FTIR absorption spectra of vacuum-dried pure chitosan and chitosan nanoparticles are shown in the Fig. 1(C). The C-H stretching vibrations are manifested through strong peaks at around 2926 cm−1 7. Acetyl groups characteristically absorbed in the range 1300–1100 cm−1, as seen in both the chitosan and CNP spectrum respectively. The symmetric stretch of C-O-C was observed around 1080–1060 cm−1 7. The peaks visible in between 500 and 749 cm−1 signifies the presence of R−CH group8. As seen in both the spectra, the strong peaks in the range 3450–3200 cm−1 correspond to combined peaks of hydroxyl and intra-molecular hydrogen bonding. The broadness of the peak at this region might be attributed to contributions from N-H bond stretches7. In CNP, a shift from 3436 to 3431 cm−1 was observed, and the peak at 3431 cm−1 of pure chitosan compound was found wider, which indicated extensive hydrogen bonding9. The characteristic CONH2 peak of chitosan observed around 1647 cm−1, was found to shift to 1619 cm−1 in the CNP, which could be due to the tripolyphosphate cross-linking with the ammonium groups in CNP10. This cross-linking between the polyphosphates and the ammonium groups might be important for the inter- and intra-molecular interactions that are reflected in our results10.

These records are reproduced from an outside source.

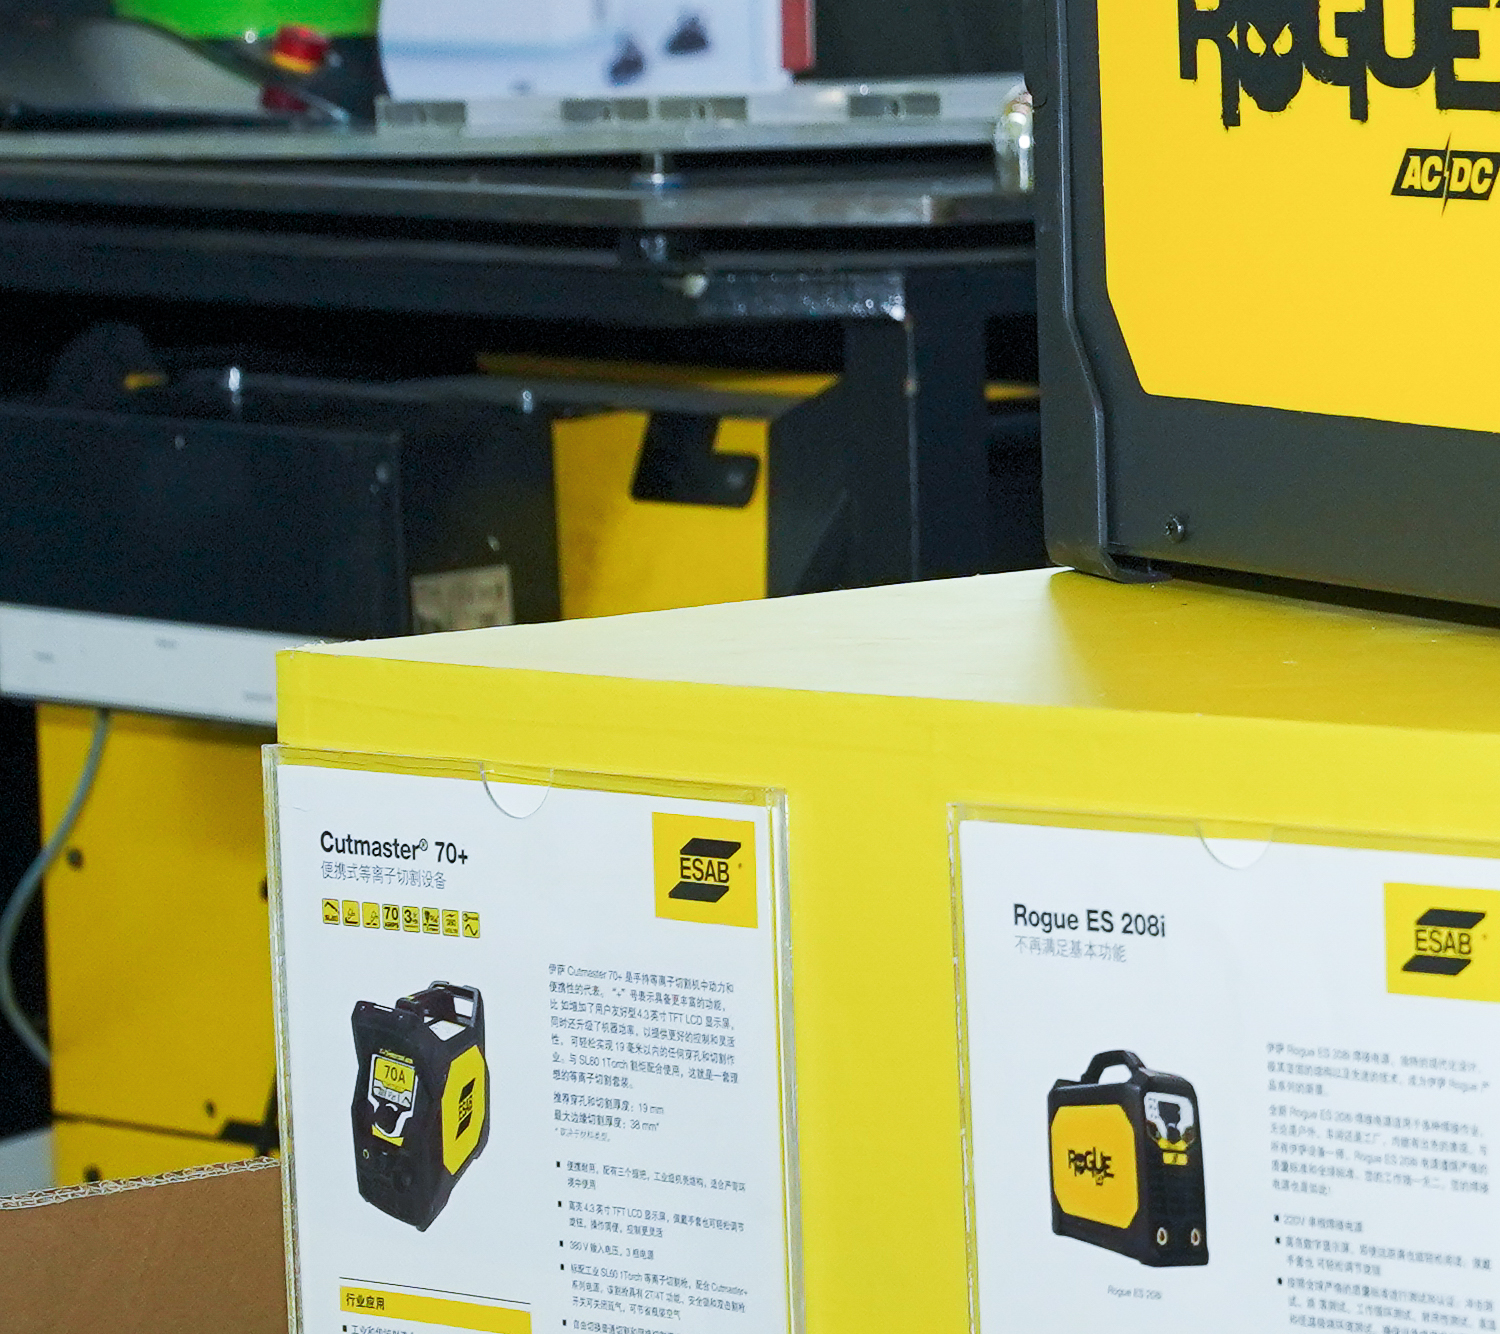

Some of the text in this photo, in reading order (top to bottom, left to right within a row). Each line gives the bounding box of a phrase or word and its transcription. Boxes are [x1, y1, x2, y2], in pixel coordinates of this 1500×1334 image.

[434, 840, 469, 865] 70+
[679, 858, 731, 885] ESAB
[383, 906, 400, 921] 70
[1013, 903, 1168, 939] Rogue ES 208i
[1414, 926, 1473, 956] ESAB
[345, 1292, 386, 1311] 行业应用

Effect of chitosan and CNP on defense enzymes

The efficacy of chitosan in induction of plant defense is perhaps a well-documented fact3, whereas CNP have mainly been studied for biomedical applications. Only recently, an in vitro study reported antimicrobial activity of CNP against phytopathogens1. In our present study, we demonstrate for the first time the capability of CNP to produce significantly higher defense response in plants compared to that accomplished through use of natural chitosan, even when such CNP are administered at ten times more diluted dosage compared to that of chitosan (standardized unpublished data). Leaves of Camellia sinensis were separately treated with chitosan and CNP, and the defense enzyme activities were estimated after an incubation period of 24 h at room temperature. The increased activity of the defense enzymes were in the order of peroxidase (PO) > polyphenol oxidase (PPO) > phenylalanine ammonia lyase (PAL) > β-1,3-glucanase. Treatment with chitosan showed 29.26% increase in β-1,3-glucanase and more than 0.8 fold increase in PAL activity over the untreated control. Simultaneously, more than 3 fold increase in PO and 2 fold increase in PPO activity in the chitosan treated leaves were also observed. In contrast, CNP treated leaves showed significant (p < 0.05) increase in accumulation of PO, PPO and PAL (more than 4, 3.5 and 2 fold increase respectively), whereas the β-1,3-glucanase levels increased by about 34% (Table 1).

Table 1. Effect of exogenous treatment of Chitosan (0.1%), CNP (0.01%), SNP (100 μM), C-PTIO (100 μM) and L-NAME ((10 μM) alone or in different combinations on the production of defense enzymes and total phenol in detached leaves of C. sinensis.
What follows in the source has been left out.